The study assessed the treatment’s pharmacokinetics — its movement into, through, and out of the body — in patients ages 2 to 17 exposed to body-adjusted doses extrapolated from adult patients.
“The presented [Uptravi] dose regimen for pediatric patients is considered appropriate for continuing the clinical evaluation of the safety and efficacy of selexipag in pediatric PAH patients [ages 2 and older],” the researchers wrote.
The study, “Population pharmacokinetics of selexipag for dose selection and confirmation in pediatric patients with pulmonary arterial hypertension,” was published in CPT: Pharmacometrics and Systems Pharmacology.
PAH is caused by the narrowing of pulmonary arteries, the small blood vessels that carry blood through the lungs. This restricts blood flow and causes high blood pressure, or hypertension. It also makes the heart work harder to pump blood, which can lead to right heart failure in advanced disease stages.
Pediatric treatment
Uptravi, marketed by Johnson & Johnson, is designed to delay disease progression and reduce the risk of PAH-related hospitalization. It works by binding to and activating the receptor for prostacyclin, a molecule that causes vessels to widen, lowering blood pressure.

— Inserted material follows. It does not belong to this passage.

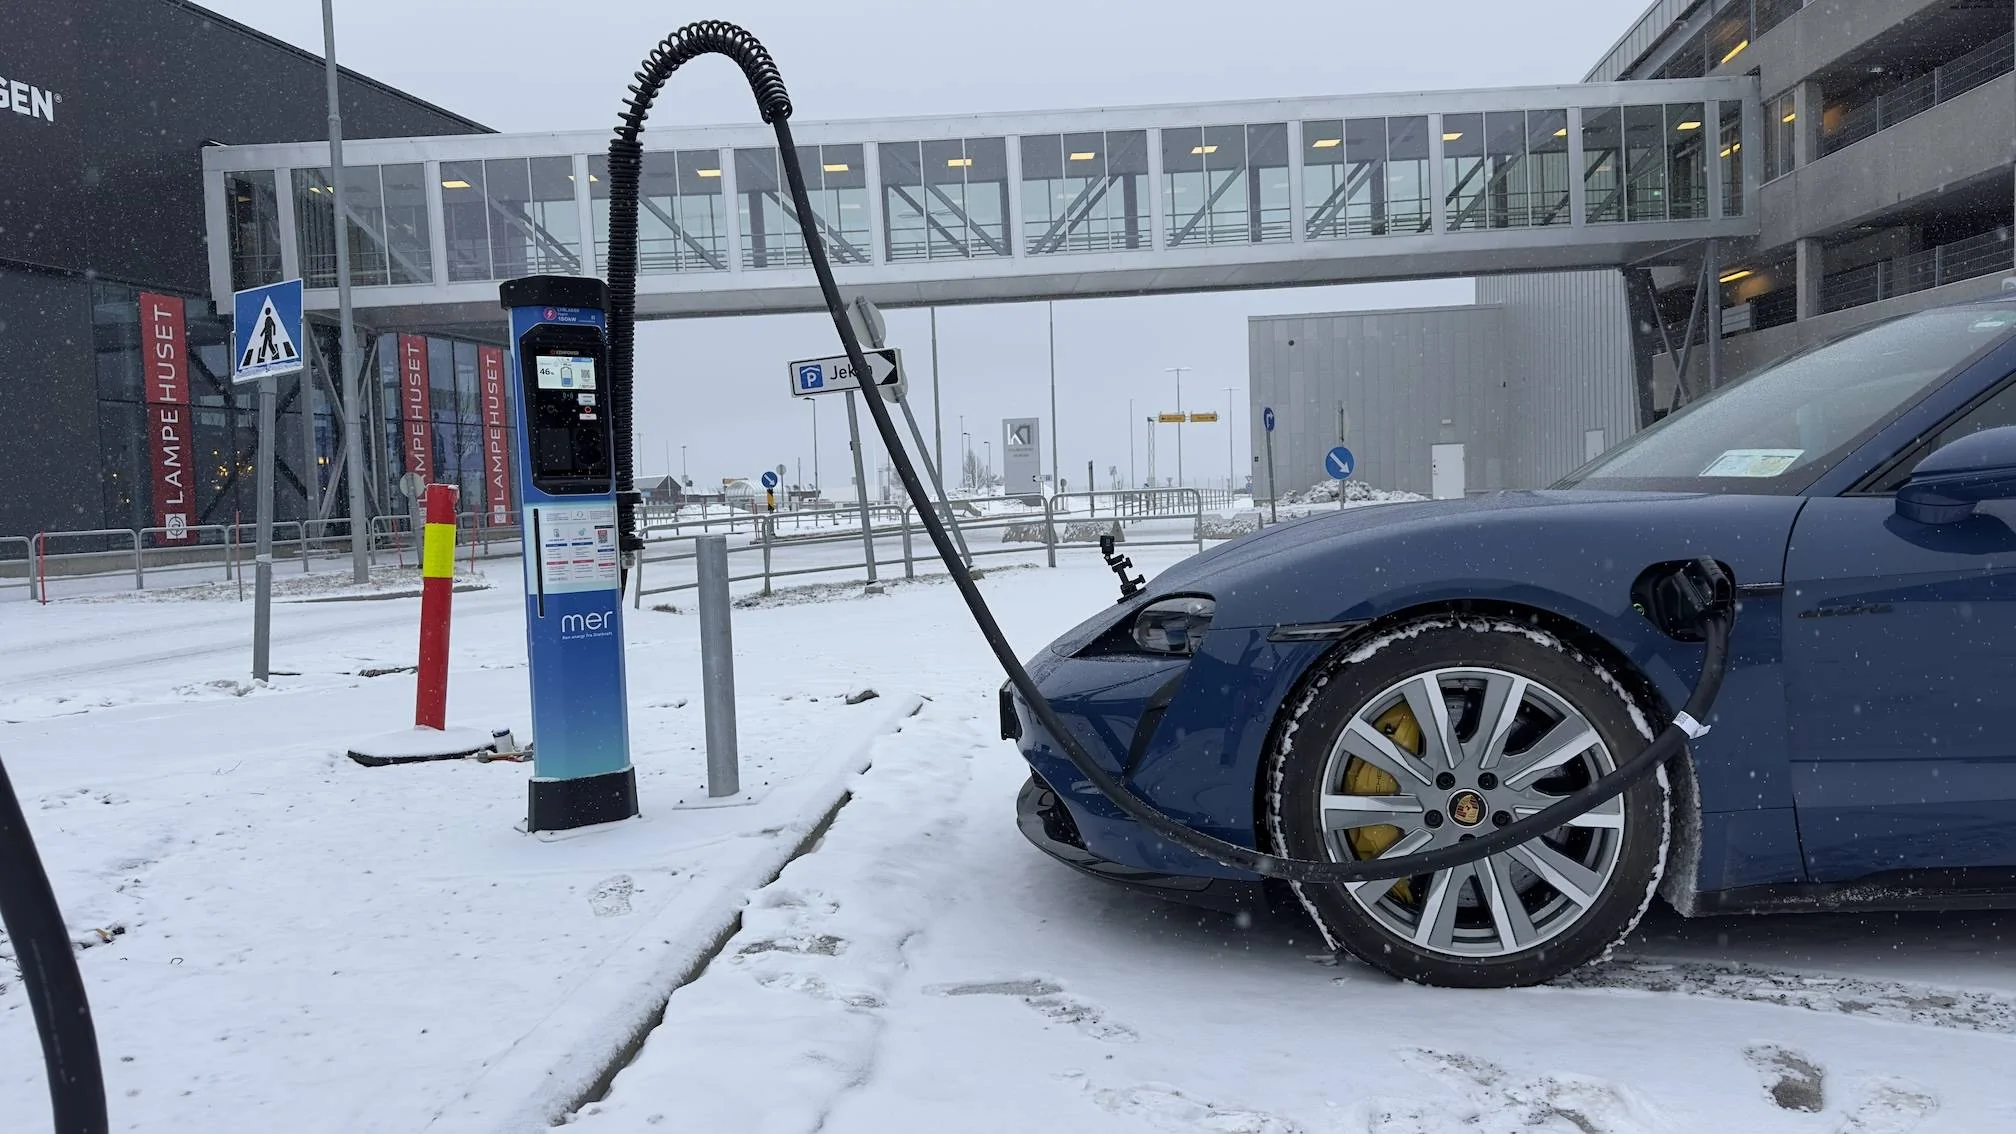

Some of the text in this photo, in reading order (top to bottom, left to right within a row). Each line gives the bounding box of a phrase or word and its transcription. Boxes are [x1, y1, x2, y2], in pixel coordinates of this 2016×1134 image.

[154, 304, 184, 504] LAMPEHUSET
[486, 355, 505, 501] LAMPEHUSET
[561, 611, 613, 633] mer

The treatment is approved for adults with PAH at doses starting with 200 micrograms (mcg) twice daily, and gradually increasing at twice daily increments of 200 mcg according to each patient’s highest tolerated dose, up to a maximum of 1,600 mcg twice daily.
However, “to date, no treatment targeting the prostacyclin pathway is approved for use in pediatric patients,” the researchers wrote.
The team including researchers at Johnson & Johnson Innovative Medicine and Actelion Pharmaceuticals (also part of the Johnson & Johnson family of companies) aimed to identify a dosing regimen that results in similar exposures to selexipag and its active metabolite (product of metabolism) JNJ-68006861, to those shown to be effective in adults with PAH. They extrapolated from the treatment’s pharmacokinetics in adults defined in the Phase 3 trial GRIPHON (NCT01106014).
Based on this model, three dosing regimens were defined based on children’s body weight, at starting doses of 100 mcg twice daily for patients weighing 9 kg (about 20 pounds) to less than 25 kg (55 pounds), 150 mcg twice daily for those weighing 25 kg to less than 50 kg (110 pounds), and 200 mcg twice daily for patients weighing 50 kg or more. The maximum allowed doses were 800 mcg, 1,200 mcg, and 1,600 mcg twice daily, respectively, for the three body weight categories.
The proposed regimen was assessed in a Phase 2 clinical study (NCT03492177) enrolling 63 children and adolescents with PAH, ages 2 to 17, with body weight ranging from 9.9 kg (about 22 pounds) to 93.5 kg (206 pounds). Participants were divided into three groups according to their age: 12 to 17, 6 to 11, and 2 to 5. As in adults, the dose was adjusted to each patient’s maximum tolerated dose.
Overall, the body weight-adjusted dose regimen resulted in exposures to selexipag and its active metabolite comparable to those seen in adults with PAH, across all age groups. No clinically relevant differences in pharmacokinetics were observed between adults and children.
Based on the results, the presented dosing regimen was found adequate for the clinical evaluation of Uptravi in children and adolescents with PAH. The therapy’s safety and efficacy as an add-on to standard of care in this patient population are being evaluated in the Phase 3 SALTO trial (NCT04175600).
That study has enrolled 138 patients, randomly assigned to receive the treatment or a placebo for up to five years, followed by a three-year, open-label extension period.